LBAR Limited area BARotropic Dynamic
This model is a bit different from the other dynamic models. It is run every 6 hours (0000, 0600, 1200, and 1800 UTC) and goes out to 120 hours.

TropicsWatch Tip: By far, the LBAR is the poorest of the dynamic models at predicting the path of most tropical systems. Use this model with extreme caution. In fact, it would be best not to use this model for anything.

BAMS / BAMM / BAMD Beta and Advection Models Trajectory
The BAM follows a trajectory from the Aviation run of the American GFS model to provide a track forecast. This model incorporates a correction known as the "Beta Effect". This is used to account for the fact that the Coriolis force resulting from the rotation of the Earth is greater toward the poles, so the winds on the northern side of the storm in the Northern Hemisphere tropical cyclone are turned more than those on its southern side. If no other winds were steering a tropical cyclone, the "Beta Effect" would cause a westward-headed storm to drift toward the north in the Northern Hemisphere, and toward the south in the Southern Hemisphere. There are three (3) versions of the BAM...

BAMS - the BAM Shallow, this version averages winds from 5,000 to 10,000 feet (850 - 700 mb). The BAMS is best-used for tropical disturbances/tropical waves or tropical depressions. Such systems are very shallow in nature, moving with the lower-level winds.

BAMM - the BAM Medium, this version averages winds from 10,000 to 24,500 feet (850 - 400 mb). The BAMM is best-used for tropical storms of weak to moderate strength or disorganized hurricanes. Tropical storms are generally steered by the mid-level steering flow.

BAMD - the BAM Deep, this version averages winds from 24,500 to up to 47,000 feet (850 - 200 mb). The BAMD is best used for well-organized and/or stronger hurricanes. Such hurricanes are steered by the mid-level to upper-level wind flow.

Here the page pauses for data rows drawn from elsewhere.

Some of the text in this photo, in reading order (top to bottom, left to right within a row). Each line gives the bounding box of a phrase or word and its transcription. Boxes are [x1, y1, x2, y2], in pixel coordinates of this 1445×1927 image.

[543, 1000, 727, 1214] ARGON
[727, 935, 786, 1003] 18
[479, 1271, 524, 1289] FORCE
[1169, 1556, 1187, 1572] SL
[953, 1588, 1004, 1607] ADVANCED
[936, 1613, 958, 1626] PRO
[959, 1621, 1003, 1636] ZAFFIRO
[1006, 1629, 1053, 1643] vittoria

Typically, the NHC will run the BAM models on a tropical disturbance just to get a general idea where this disturbance might track. Since the BAM is a very simple trajectory model, it is best used where the steering currents are less likely to change in the future. This would typically be in the deep tropics south of 20N latitude. Because the BAM models are not dynamic, they should be used with extreme caution outside of the deep tropics where steering currents may change with time.

XTRAP Extrapolated
None Don't be fooled by this "model", as it's really not a model at all. It's a simple extrapolated track that assumes the storm just keeps going at the same speed and direction. No physics at all are involved. Generally of no use except as a "what if" scenario.

NHCA98E / NHCA90E Climatology
Climatology-based "models". Not really models, they just compare the current storm position to previous storms and "guess" where it might go. Generally, these "models" are not used by hurricane forecasters when predicting where a tropical cyclone will go.

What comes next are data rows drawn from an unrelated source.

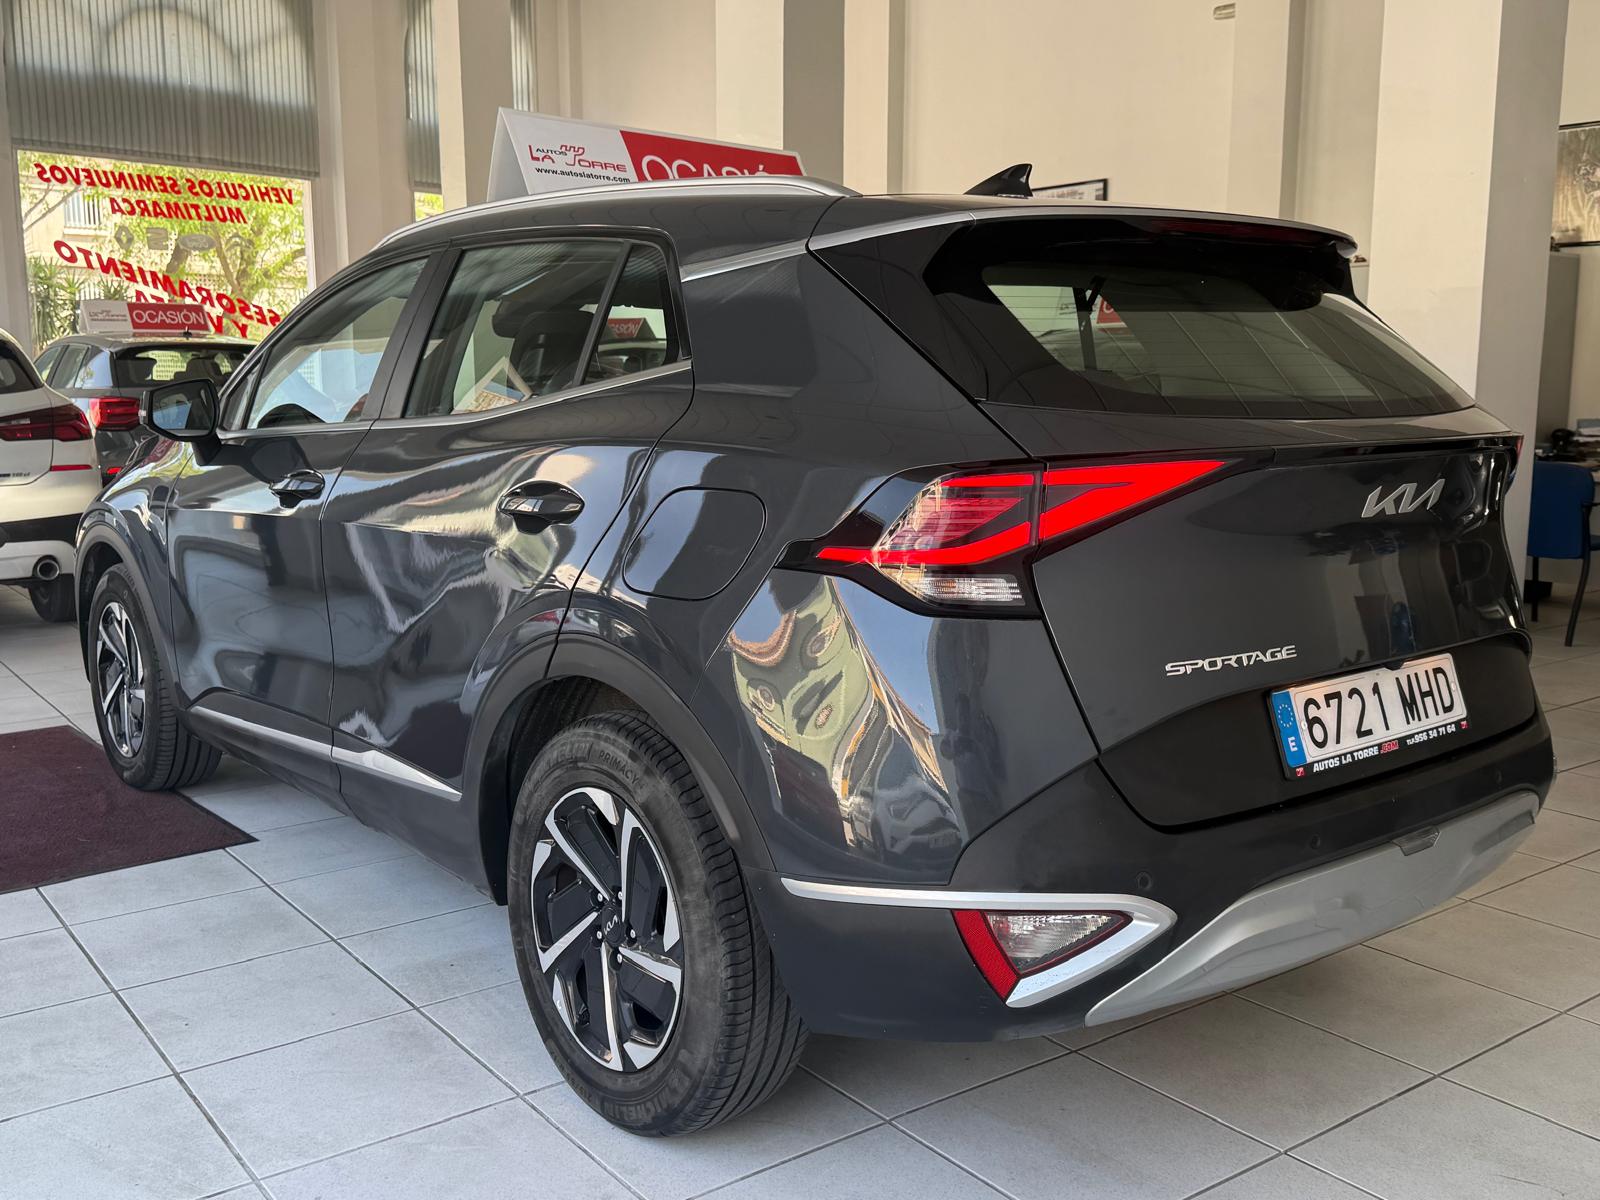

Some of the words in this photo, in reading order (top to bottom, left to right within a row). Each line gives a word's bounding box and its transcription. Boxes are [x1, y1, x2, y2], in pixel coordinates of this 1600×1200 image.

[528, 144, 556, 164] LA
[536, 147, 568, 156] AUTOS
[535, 167, 631, 183] www.autoslatorre.com
[132, 308, 205, 325] OCASIÓN
[1165, 645, 1298, 676] SPORTAGE
[1303, 681, 1391, 749] 6721
[1395, 666, 1455, 725] MHD
[1287, 737, 1298, 752] E
[1313, 755, 1340, 773] AUTOS
[1341, 753, 1353, 764] LA
[1353, 746, 1379, 761] TORRE

CLIPER CLImatology & PERsistence Climatology Persistence
CLImatology and PERsistence. This model employs no physics, it's not a real model. The predictors for CLIPER include the initial latitude and longitude of the storm, the components of the storm motion vector (or which direction it is moving), the day of the year, and the initial storm intensity. The CLIPER forecasts are used to normalize the output from the other forecast models and as a benchmark for tracking forecasting model skill. This is the simple type of model that most hurricane tracking software programs offer. It consists of a set of equations that separately predict future zonal (east-west) and meridional (north-south) movements of a tropical cyclone at 12-hr intervals out to 72 hours. The predictors include the current and previous 12-hr position, the current and 12-hr previous storm motion, the day of the year, and the maximum surface wind. The initial motion of the storm (persistence) is the most important predictor for this model. The skill of more complex forecast models is often compared to that of CLIPER. Any model that cannot demonstrate significant skill over CLIPER's combination of climatology and persistence is discarded.